The Exercise Dispute

One of the most highly contested therapies for this condition is exercise.

The whole debate comes down to the nature of this disease. Those who advocate for exercise often believe that patients can reverse their own condition if they work hard enough. This is not to say that all of these individuals believe the diagnosis is a hoax, but they do believe that it can somehow be cured by the patient’s actions. These advocates suggest graded exercise therapy (GET) and cognitive behavioral therapy (CBT) as treatments.

Patients and many of their advocates have a different view. They argue the condition is more complex than something that could be cured by doing some sit ups. In fact, many patient surveys have shown that GET can actually worsen symptoms and cause relapses for the vast majority of people. Instead, these individuals recommend pacing. Pacing involves maintaining awareness of your own energy levels and responding accordingly. This allows patients to maximize what they are able to do when they are having a high functioning day. Pacing gradually allows for an increase in what ME/CFS patients can accomplish, but doesn’t suggest itself as a cure or treatment that can block all symptoms or relapses.
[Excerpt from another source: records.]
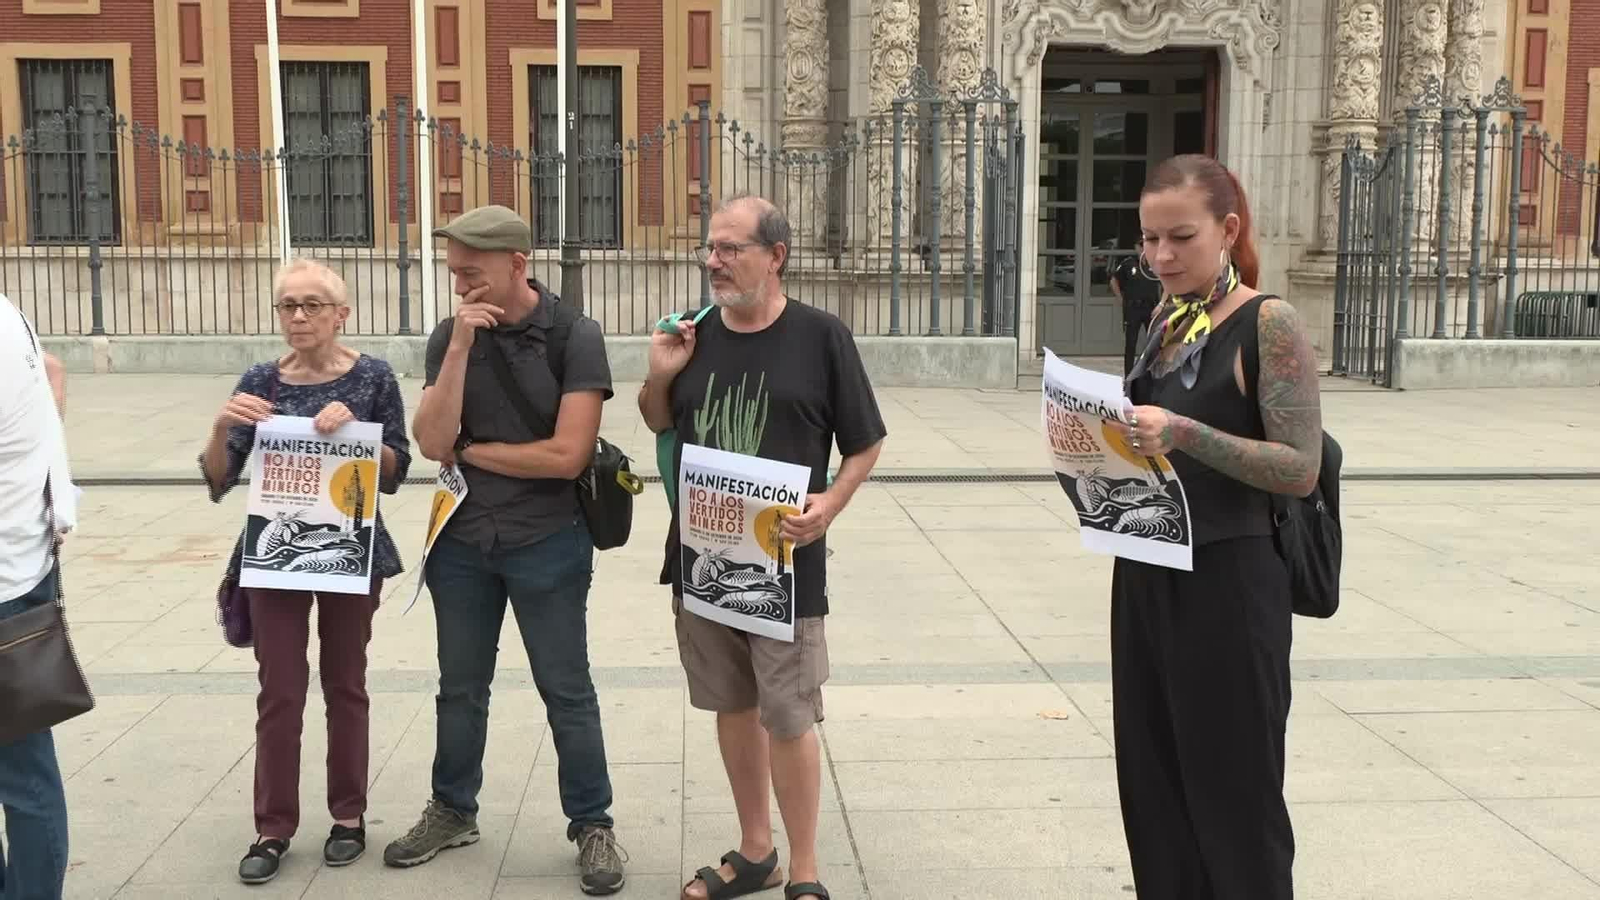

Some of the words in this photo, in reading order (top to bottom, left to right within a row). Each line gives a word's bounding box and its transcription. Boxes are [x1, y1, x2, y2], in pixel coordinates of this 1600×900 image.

[259, 438, 375, 459] MANIFESTACIÓN
[263, 453, 284, 467] NO
[286, 454, 295, 468] A
[297, 455, 322, 470] LOS
[263, 466, 321, 483] VERTIDOS
[261, 479, 320, 495] MINEROS
[685, 469, 800, 505] MANIFESTACIÓN
[688, 486, 707, 502] NO
[709, 491, 718, 504] A
[720, 493, 744, 509] LOS
[689, 501, 745, 522] VERTIDOS
[689, 513, 744, 534] MINEROS
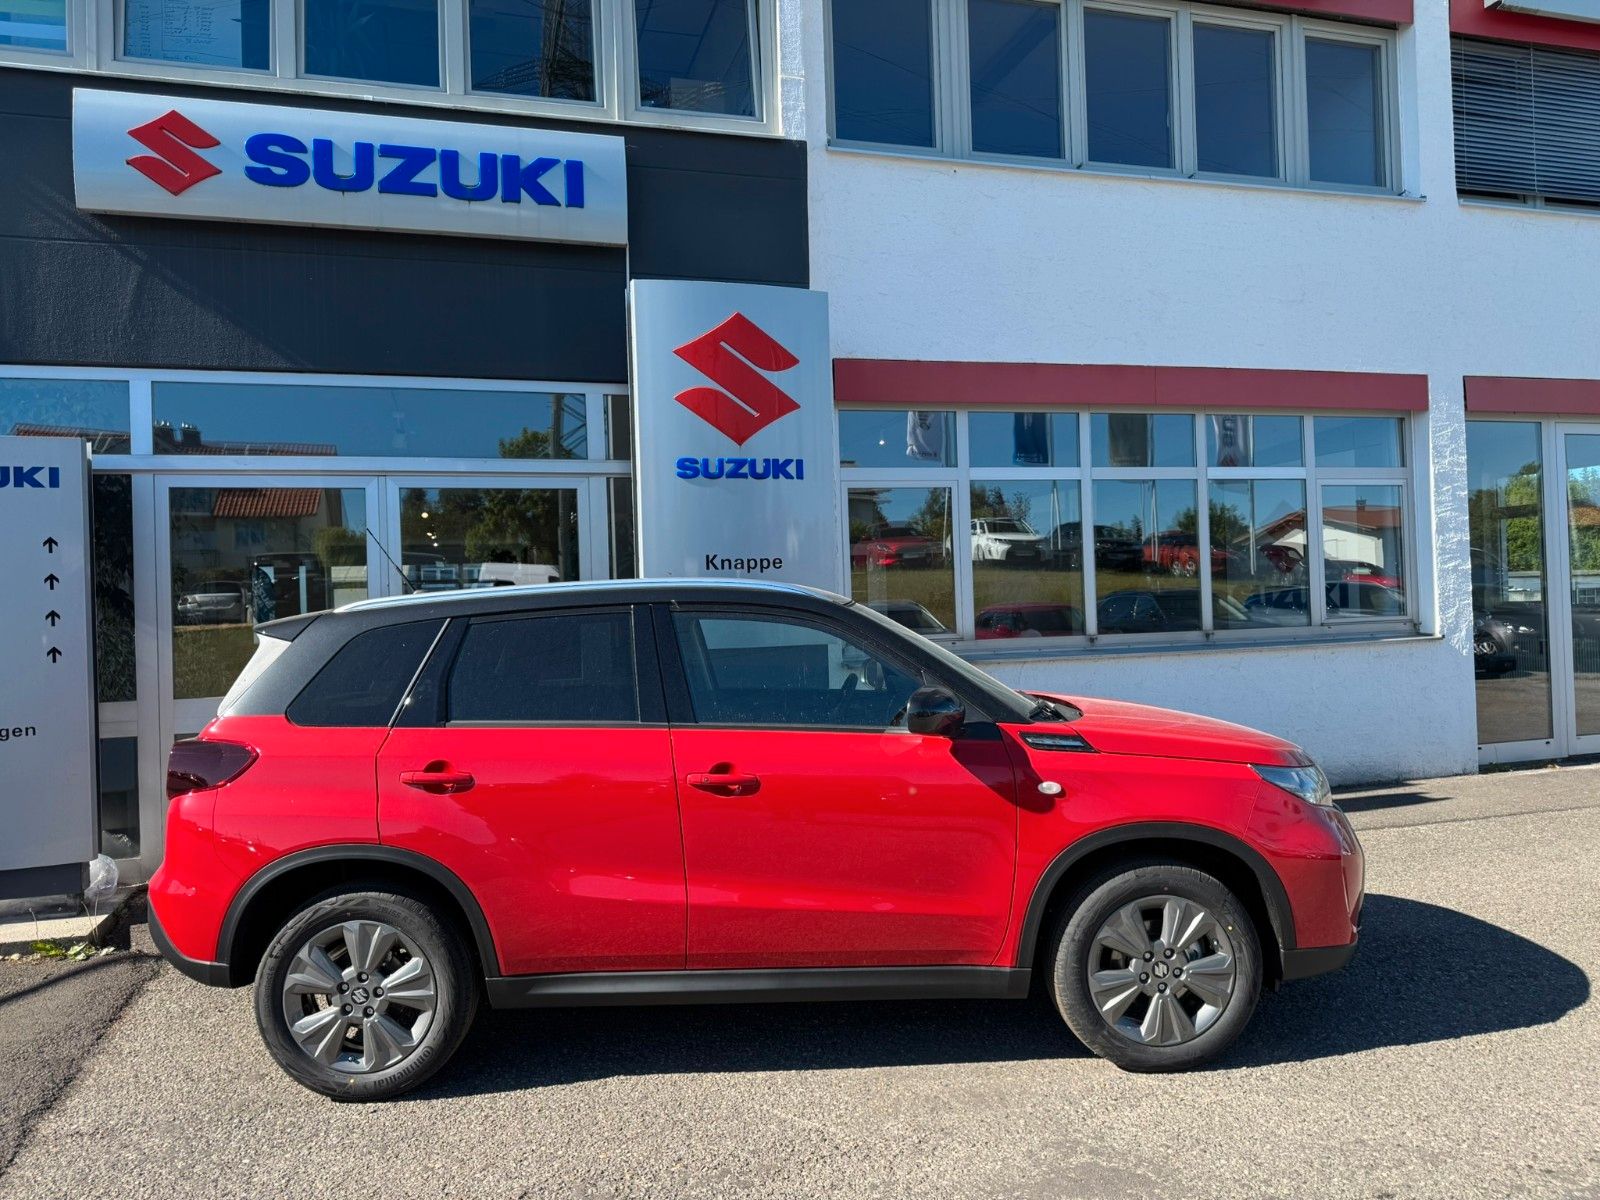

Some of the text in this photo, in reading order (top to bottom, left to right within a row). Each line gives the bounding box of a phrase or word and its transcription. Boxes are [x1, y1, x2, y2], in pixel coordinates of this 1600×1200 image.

[244, 132, 584, 208] SUZUKI
[676, 457, 804, 480] SUZUKI
[705, 554, 783, 573] Knappe
[373, 1046, 434, 1088] Continental
Some are confused by this entire debate. After all, what could possibly be wrong with exercise? Actually, quite a lot for ME/CFS patients. It can exacerbate some of their most debilitating symptoms. Still because exercise is well-known to be a healthy and beneficial thing, many who would normally contest its prescription for their illness don’t. Unfortunately, that can mean worse outcomes for patients.

We Need to Do Better for Patients

At the bottom of it all, we need more research for ME/CFS. But, within this research we need to include more patients in the discussion. There is more to this disease than can be cured by a patient’s attitude. This is a real disease, affecting real people. We need to do better for patients.

“Believing ME/CFS is a condition that can be cured by attitude and effort is stigmatizing, no matter how carefully you try to frame it.”

You can read more on this controversial topic in this article, which also discusses many of the problematic clinical trials and research endeavors regarding exercise for this condition.

Unfortunately, not all research is good research. It is an ever-developing field. In recognizing this, we must do everything in our power to ensure that patients are not negatively impacted by studies with even the best intentions.

It starts by involving them in the discussion.